Granted that profound change doesn’t necessarily have to be for the better to meet Time’s criteria, the jury is still out on whether the “Arab Spring” really changed things all that much… or merely installed new management to run the same old dungeons.  Hosni Mubarak is going to be replaced by the Muslim Brotherhood and the even more totalitarian Salafists in Egypt, assuming the military junta is willing to surrender power?  Yippee!  And you might have noticed the Libyan “protesters,” a group about which we still know very little, didn’t accomplish much until NATO got involved.  Why isn’t NATO Person of the Year?  Or SEAL Team Six?
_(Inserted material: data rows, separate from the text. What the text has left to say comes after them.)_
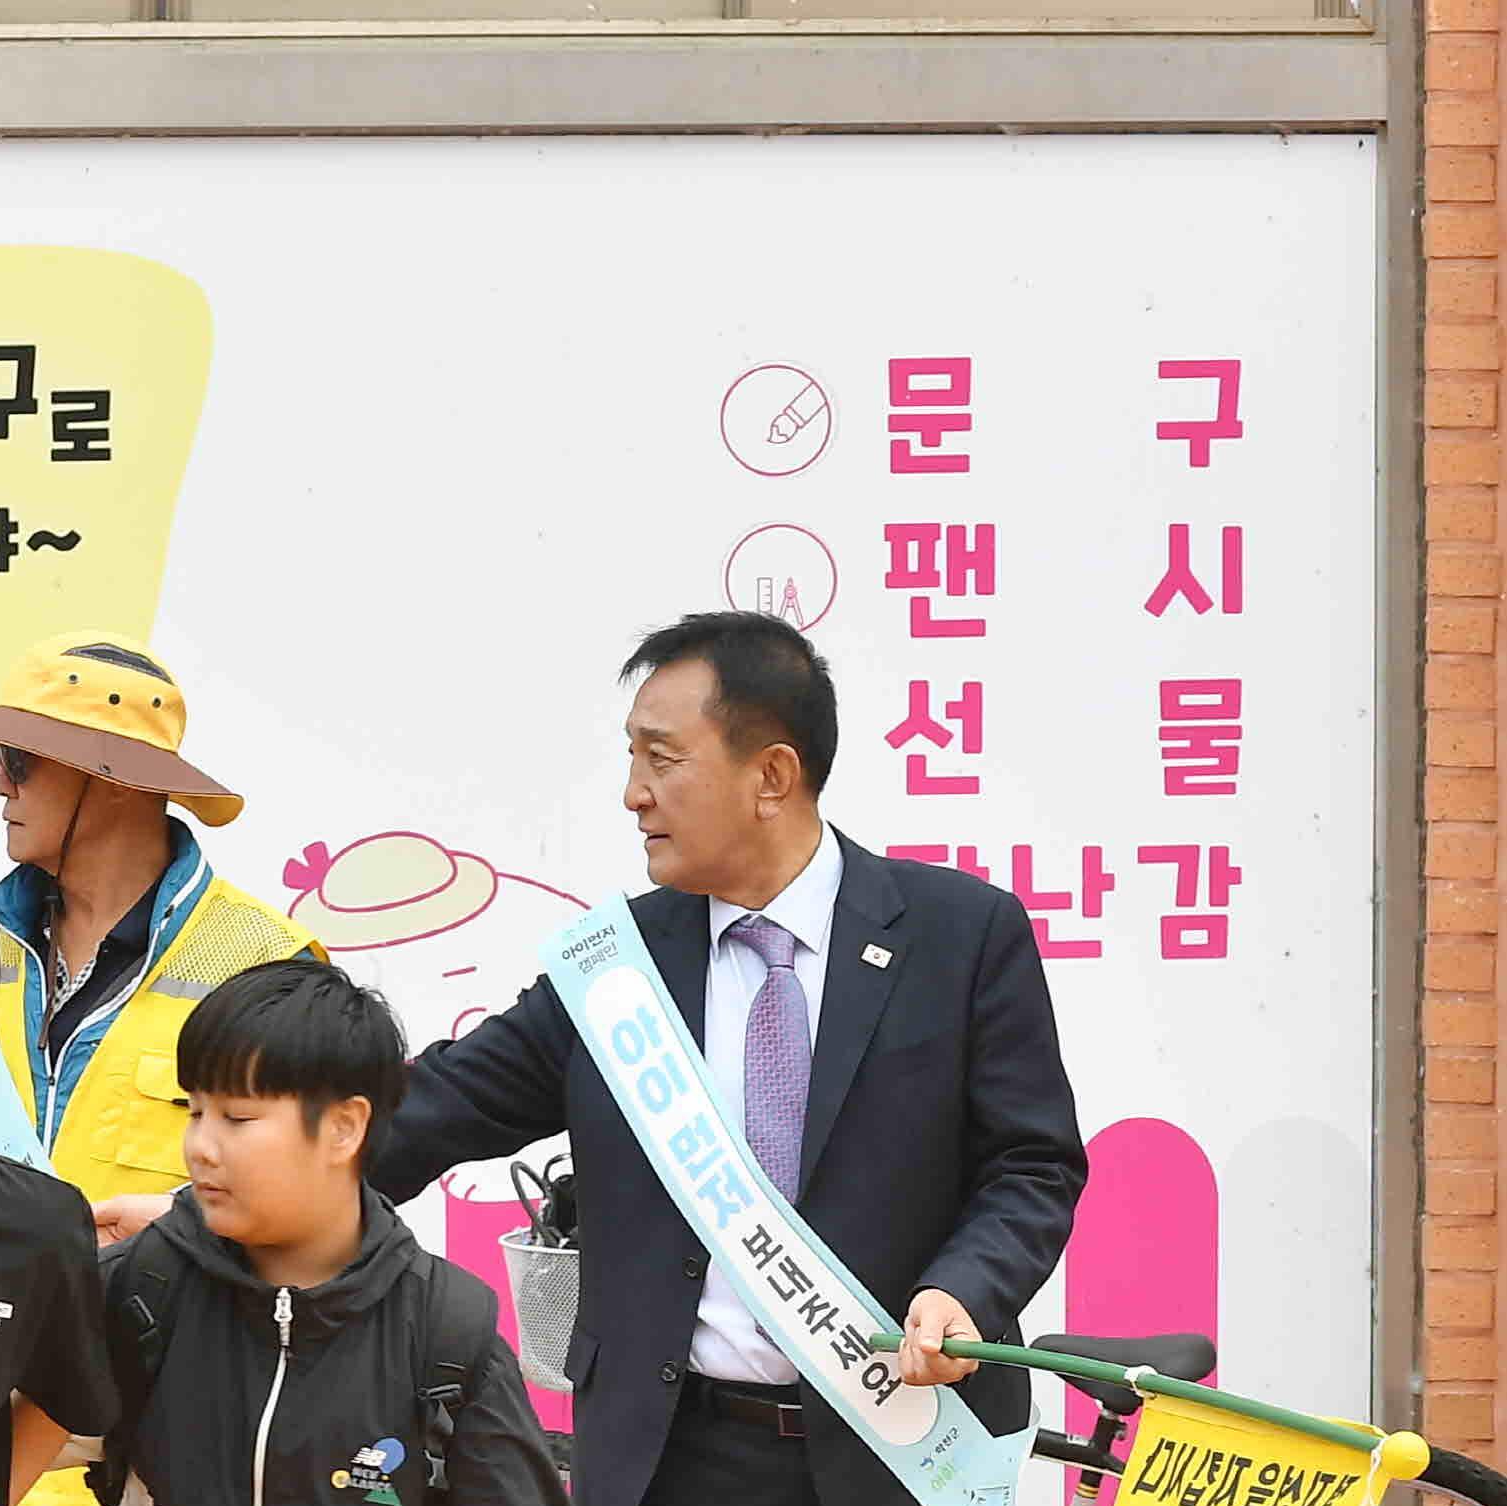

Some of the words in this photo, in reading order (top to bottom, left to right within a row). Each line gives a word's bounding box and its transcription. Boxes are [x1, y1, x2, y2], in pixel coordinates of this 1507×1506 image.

[561, 923, 617, 962] 아이먼저
[885, 844, 1244, 960] 난감
[610, 1005, 690, 1114] 아이
[666, 1123, 755, 1231] 먼저
[741, 1223, 903, 1408] 보내주세요
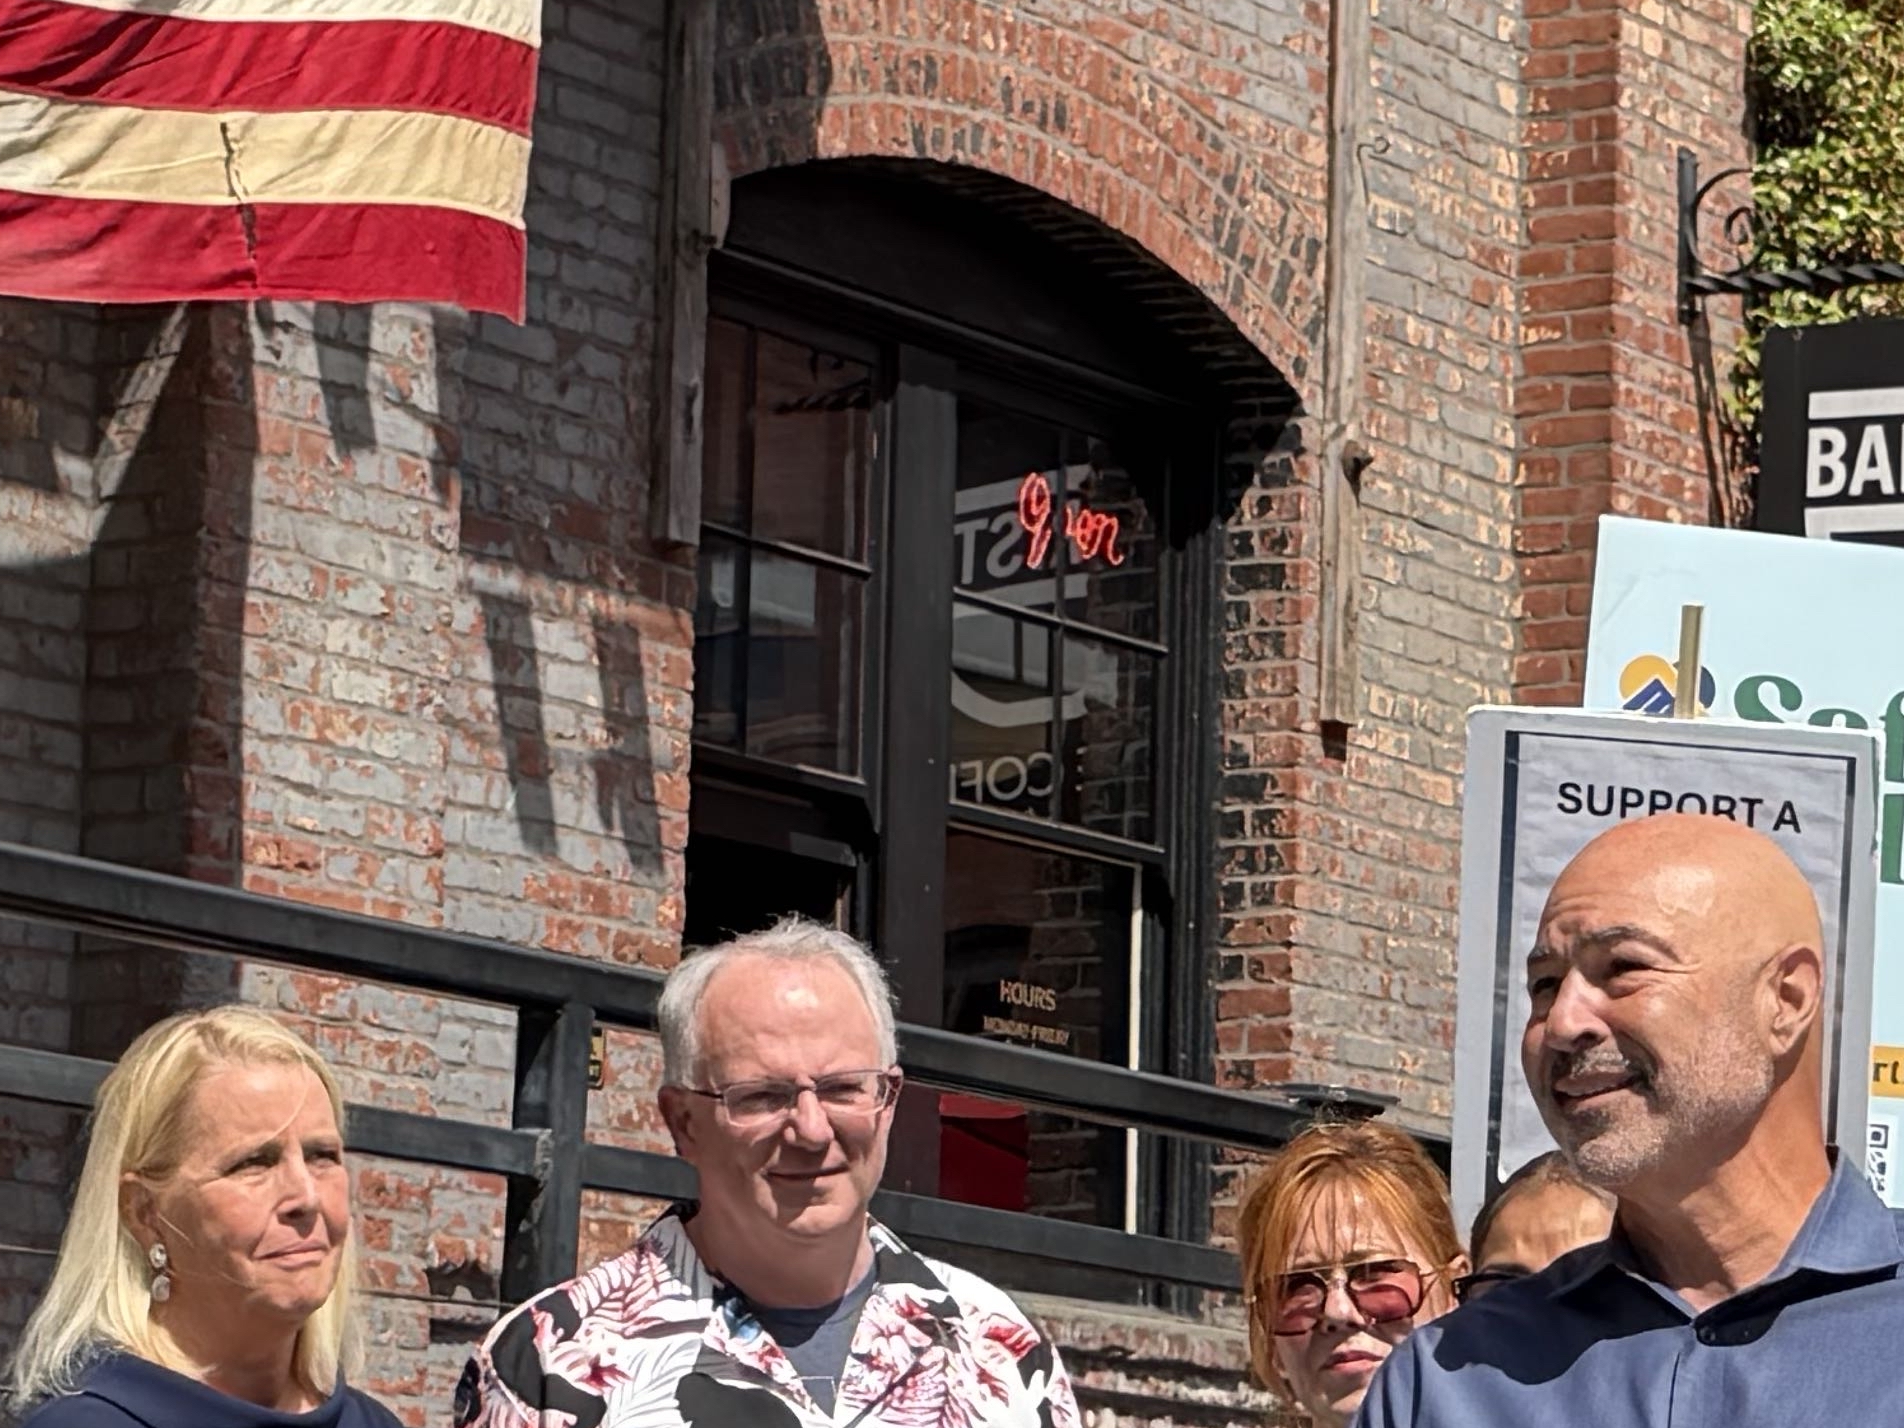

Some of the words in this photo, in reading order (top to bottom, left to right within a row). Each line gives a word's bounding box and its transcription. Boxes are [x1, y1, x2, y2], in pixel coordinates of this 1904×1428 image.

[1557, 781, 1763, 829] SUPPORT
[1772, 800, 1801, 834] A
[1000, 979, 1056, 1011] HOURS
On the domestic front, the sainted Occupy movement hasn’t actually accomplished anything.  All illusions to the contrary are deliberate and sustained media fictions.  The “national conversation” hasn’t been changed a bit.  It has simply been decorated with a rather unsavory crop of new ornaments, used by liberals to liven up the same weary arguments they’ve made all along.  Attend an Occupy protest and you’ll hear the same moldy, toxic twaddle the world got more than enough of from Time’s Person of the Year in both 1939 and 1942.  If Time actually wanted to celebrate “protesters” who actually made a difference, against the occasionally vicious opposition of the media, they should have done it last year.

Person of the Year 2012 should be a much more interesting challenge, especially since the year could well be dominated by a bitter contest between Person of the Year 1995 and Person of the Year 2008.  A lot of people groused about those selections at the time, but they were much more reasonable expressions of what the award is supposed to represent.  I would imagine every new crop of Time editors is ready for a good number of critics to lambaste any choice they make.  Fair enough, but when they can’t even bring themselves to name an individual, they end up making a statement rather than a judgment.